A causa del gran tamaño de su cerebro y su cráneo, los niños nacen muy pronto, por no decir prematuros. Por eso necesitan más cuidados y mayor protección para salir adelante que las crías de otras especies. Aquí es donde interviene el probo padre de familia, que se une a la madre durante un período prolongado, o sea en el marco de una relación a largo plazo, para criar junto con ella al niño. Es de todos sabido que en época de nuestros antepasados las madres solteras tenían serias dificultades para mantener con vida y sacar adelante a sus hijos. No todos los descendientes de aquellos zascandiles hiperactivos sobrevivían. Los de los probos amos de casa, en cambio, sí; o al menos tenían más posibilidades de llegar a la edad adulta y engendrar, a su vez, hijos capaces de transmitir los genes paternos.
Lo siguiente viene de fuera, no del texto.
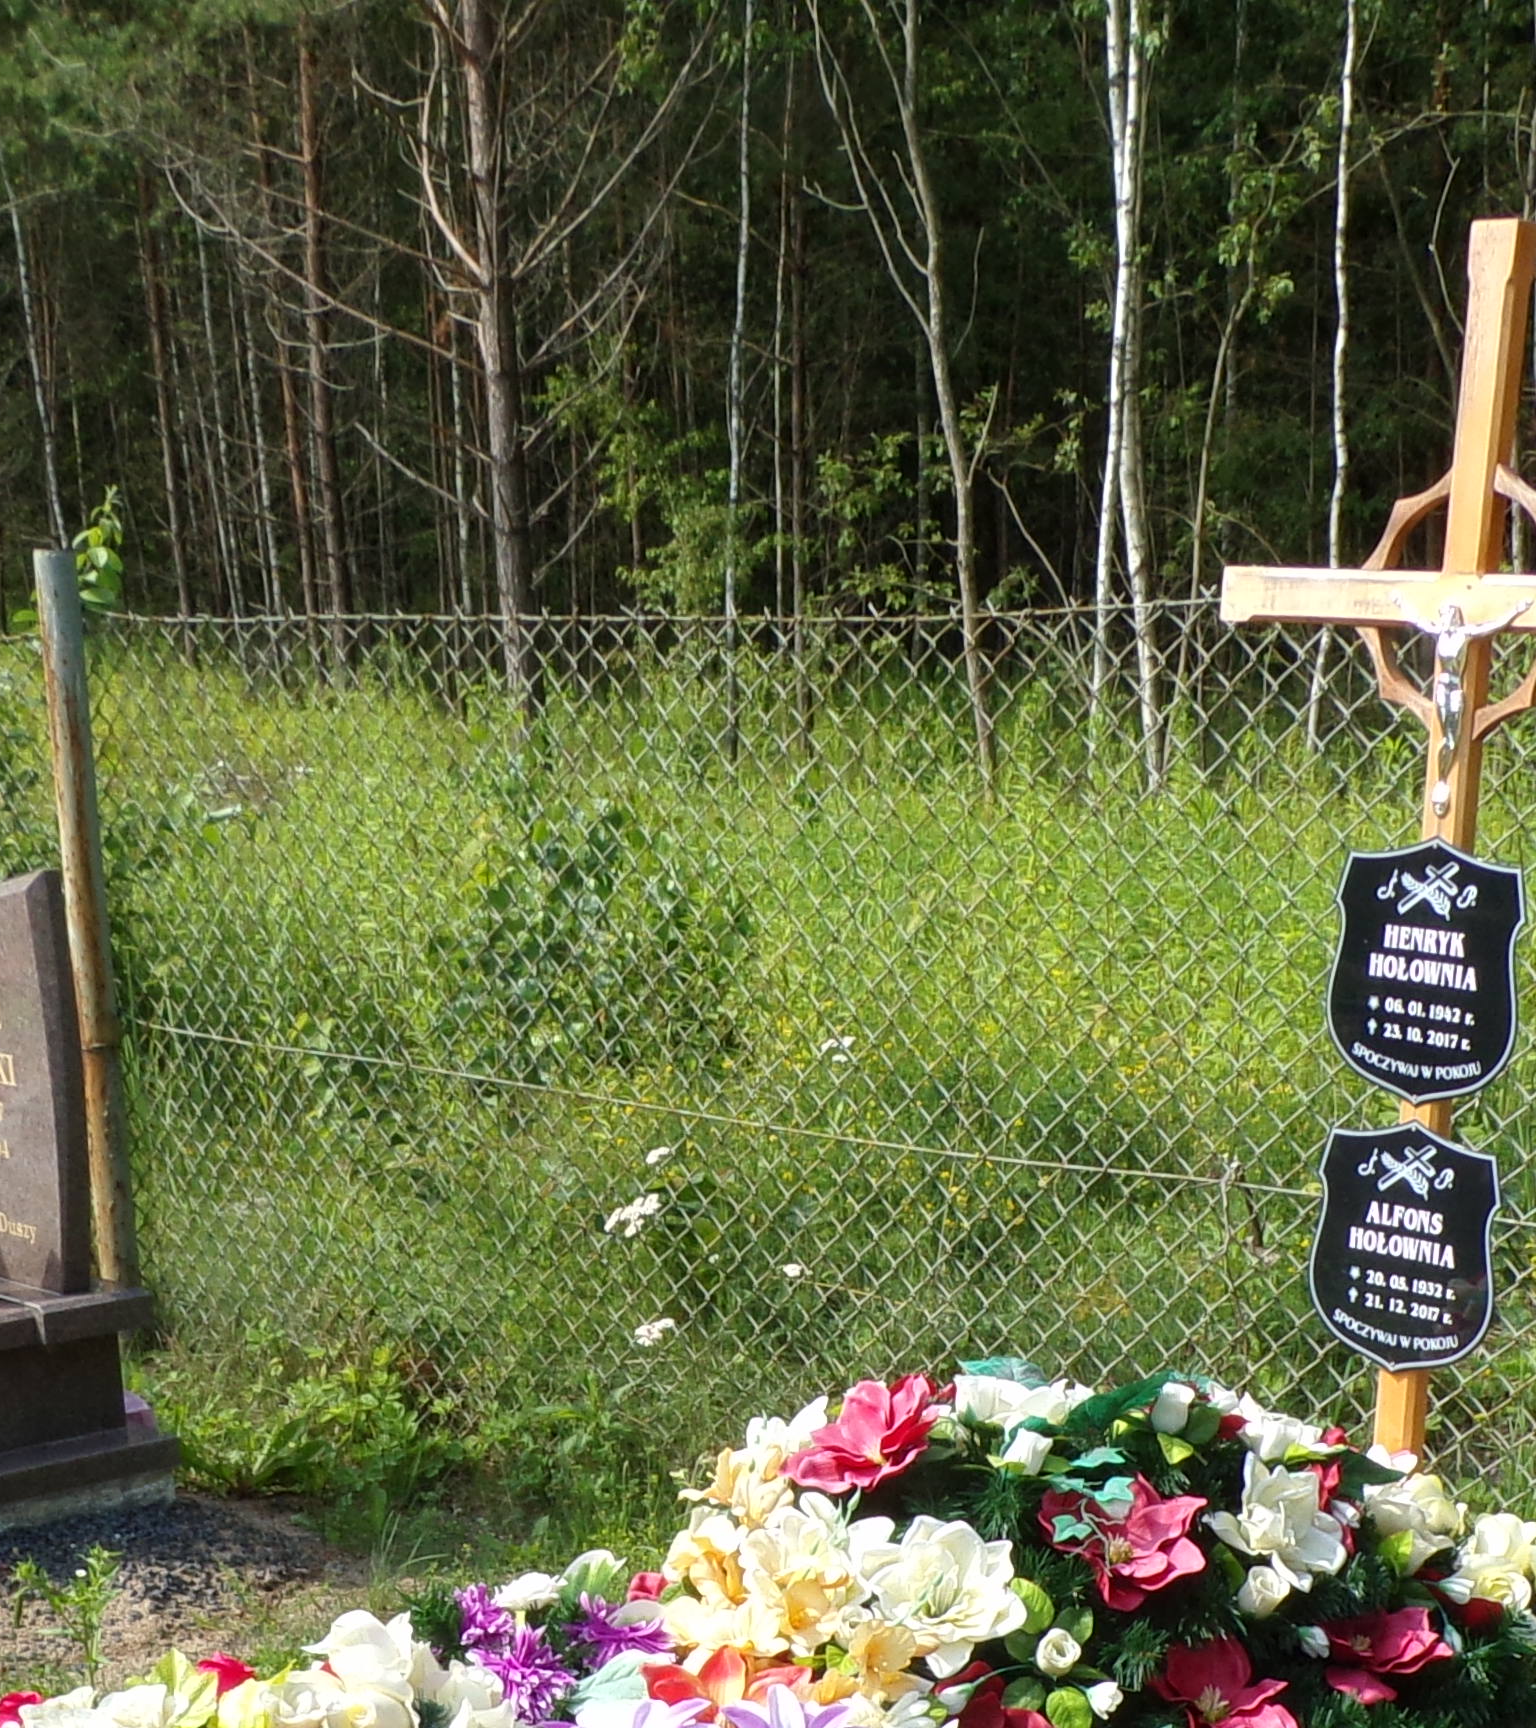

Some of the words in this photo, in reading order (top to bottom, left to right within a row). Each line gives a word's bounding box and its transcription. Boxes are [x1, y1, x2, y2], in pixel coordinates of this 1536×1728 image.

[1383, 923, 1466, 959] HENRYK
[1368, 952, 1478, 992] HOŁOWNIA
[1384, 997, 1405, 1014] 06.
[1407, 1000, 1426, 1018] 01.
[1428, 1003, 1462, 1023] 1942
[1383, 1022, 1402, 1040] 23.
[1406, 1026, 1424, 1043] 10.
[1426, 1030, 1459, 1050] 2017
[1351, 1041, 1419, 1079] SPOCZYWAJ
[1421, 1065, 1433, 1079] W
[1435, 1060, 1482, 1081] POKOJU
[1365, 1200, 1444, 1236] ALFONS
[1348, 1226, 1456, 1270] HOŁOWNIA
[1365, 1269, 1386, 1287] 20.
[1389, 1274, 1409, 1292] 05.
[1412, 1278, 1443, 1299] 1932
[1364, 1292, 1384, 1309] 21.
[1388, 1297, 1407, 1314] 12.
[1410, 1302, 1440, 1322] 2017
[1332, 1307, 1397, 1347] SPOCZYWAJ
[1399, 1335, 1412, 1349] W
[1413, 1334, 1459, 1351] POKOJU
Son dos estrategias masculinas diferentes para asegurar la reproducción, cada cual con sus propios beneficios evolutivos. Aunque esto explica la conducta de los chicos malos, no aclara por qué las chicas sucumben a sus «encantos». Si las muchachas de hoy sienten simpatía por los tipos de la tríada oscura es de suponer que les ocurría lo mismo a sus lejanas tatarabuelas, por lo que cabe esperar que semejante actitud les reportase alguna ventaja evolutiva. Parecería lógico que las mujeres se sintieran más atraídas por varones formales, fieles y comprometidos con los cuidados de los hijos, aunque sólo fuese para garantizar la supervivencia de los pequeños, pero no es así.

Imaginemos que nuestras lejanas tatarabuelas hubieran ignorado por sistema a todos esos casanovas y no hubiesen cedido a sus insinuaciones. Los rechazados no habrían podido transmitir sus frívolos genes y su conducta no habría llegado a nuestros días. Este razonamiento da a entender que no pocas bisabuelas, al igual que muchas señoritas de ahora, debieron de dejarse seducir por aquellos mujeriegos. Aunque tal actitud pueda parecer contraria a nuestra intuición evolutiva, tiene su razón de ser.
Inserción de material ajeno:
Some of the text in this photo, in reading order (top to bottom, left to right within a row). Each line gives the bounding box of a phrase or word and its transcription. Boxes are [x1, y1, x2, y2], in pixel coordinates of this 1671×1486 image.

Al mostrarse receptivas a las insinuaciones de los donjuanes, las mujeres tuvieron hijos e hijas cuyos genes encerraban la predilección por las relaciones a corto plazo —y la tríada oscura—. ¡De este modo, se aseguraban un gran número de nietos! Y un gran número de nietos es sinónimo de éxito evolutivo. Si bien es cierto que sus retoños tenían menos probabilidades de sobrevivir, los hijos supervivientes —siguiendo el ejemplo de su padre biológico— les dieron multitud de nietos. Los padres malos engendraron hijos —e hijas— malos que transmitieron los genes malos a las generaciones posteriores.
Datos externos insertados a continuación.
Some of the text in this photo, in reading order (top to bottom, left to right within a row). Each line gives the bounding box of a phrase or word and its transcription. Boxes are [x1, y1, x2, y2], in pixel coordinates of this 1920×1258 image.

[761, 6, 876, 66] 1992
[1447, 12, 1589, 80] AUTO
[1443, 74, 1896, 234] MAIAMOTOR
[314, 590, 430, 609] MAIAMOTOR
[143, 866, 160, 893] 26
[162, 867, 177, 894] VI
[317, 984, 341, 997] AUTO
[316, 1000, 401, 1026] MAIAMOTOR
Ya está. Termino mi relato con la conclusión de que el estudio del psicólogo no contradice la teoría darwiniana, sino que la confirma. Cierro mi portátil, a juzgar por las miradas del resto de la audiencia con demasiado ímpetu. A la pregunta «Any questions?» del presidente, me levanto para pedir la palabra y explicarle al conferenciante —en un idioma comprensible para todos— que infravalora la biología de la evolución. Se me encienden las mejillas. Estamos ya en la ponencia siguiente. Me toca sentarme y callar.